Sifting out an Exorbitant Price
When the time came to set a price for its edibles, Coda Signature essentially wanted Godiva-quality chocolate at Hershey’s prices.
“I wanted people to view our product as something they could have any day,” Grindeland said. “It doesn’t have to be a special event or a gift. That’s why we priced ourselves at the midpoint of our competitors .”
Coda Signature’s candy bars and truffles – which come in serving sizes of six and 10, respectively – are generally priced in stores from $18 to $24. Single servings of hot chocolate cost $6-$8.
To set prices, Grindeland said, Coda Signature needed firsthand experience to understand how to differentiate its brand. The team studied the Colorado market by trying competitors’ products and comparing price, packaging and merchandizing. The company’s efforts helped it gain traction.
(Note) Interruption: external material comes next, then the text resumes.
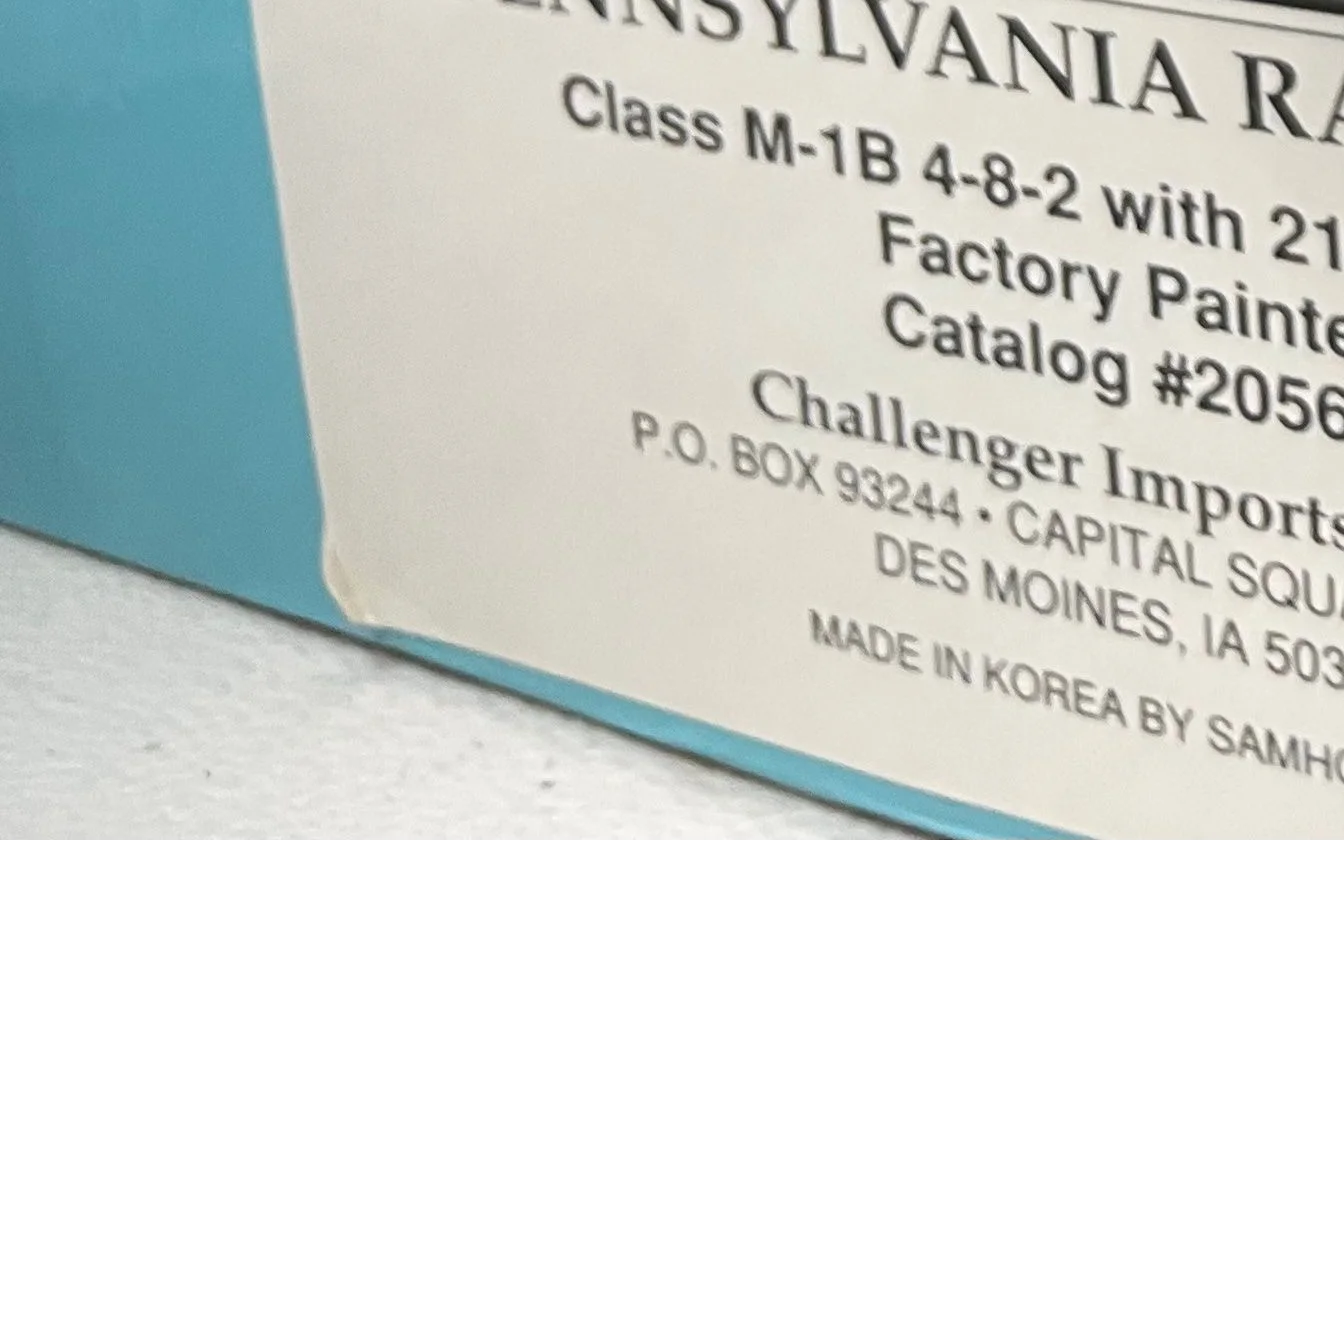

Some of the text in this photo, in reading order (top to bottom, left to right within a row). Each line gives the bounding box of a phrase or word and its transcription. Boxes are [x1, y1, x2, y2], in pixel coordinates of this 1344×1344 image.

Self-distributing also helped, Grindeland said. The delivery team supplies its products directly to retailers, using the visits as an opportunity to talk with and train budtenders about quality and what to expect in terms of experience.
BDS Analytics’ retail tracking data shows that in almost two years – seven quarters – Coda Signature has claimed a 26% dollar share of Colorado’s adult-use stores, making it the No. 2 infused chocolatier in the market as of the fourth quarter 2017.
Prepare for Expansion
Now that Coda Signature has gained traction in Colorado, the company is ready to go national, Grindeland said. In January, he brought on confectionary veteran Patrick Zachary to make that happen.
“Patrick is the perfect complement to Lauren’s artistry. He brings the experience and expertise to help Coda Signature scale on a national and international basis,” Grindeland said.
Zachary has handled operations for major confectioners. Most recently he worked for Enstrom Candies in Grand Junction, Colorado. And before that he served as president of his family’s own company, Zachary Confections out of Frankfort, Indiana.
“We’re looking at a number of geographies. California is very high on our priority list, and we’re currently looking to get into California and actually start selling product before the end of the year,” Grindeland said. “We are also looking at Canada. We’re also looking at Nevada and a number of states on the East Coast and Midwest.”
Establishing a brick-and-mortar production facility in California is already in the works. For Nevada and/or Canada, Coda Signature could explore licensing its brand to a local partner. Under that model, instead of building a 30,000-square-foot manufacturing facility on 10 acres like it did in Trinidad, Colorado, Coda Signature would share profits with and invest in large-scale cultivators. The company’s own team would make the products and likely maintain control over operations, sales and marketing in such joint ventures.
“This model allows us to be more efficient with our capital,” Grindeland said.
In Massachusetts, New York or Pennsylvania, Coda Signature would build its own production facilities to serve the East Coast. The company is also eyeing Florida to eventually create a presence in the southeast, as well as Michigan, Illinois or Ohio for the Midwest.
“What you do is you kind of hedge your bets like we did in Colorado, where we said, ‘Strategically, we’ll locate our facility in the southern part of the state, so when we can ship across state lines we’re positioned to do it easily,’” Grindeland said.
“We would look for similar characteristics in other states; but we can’t count on when interstate commerce is going to happen, so we need to make sure the state itself is large enough to create something very meaningful for our company so we’re not investing a lot of capital in markets that aren’t going to generate much return.”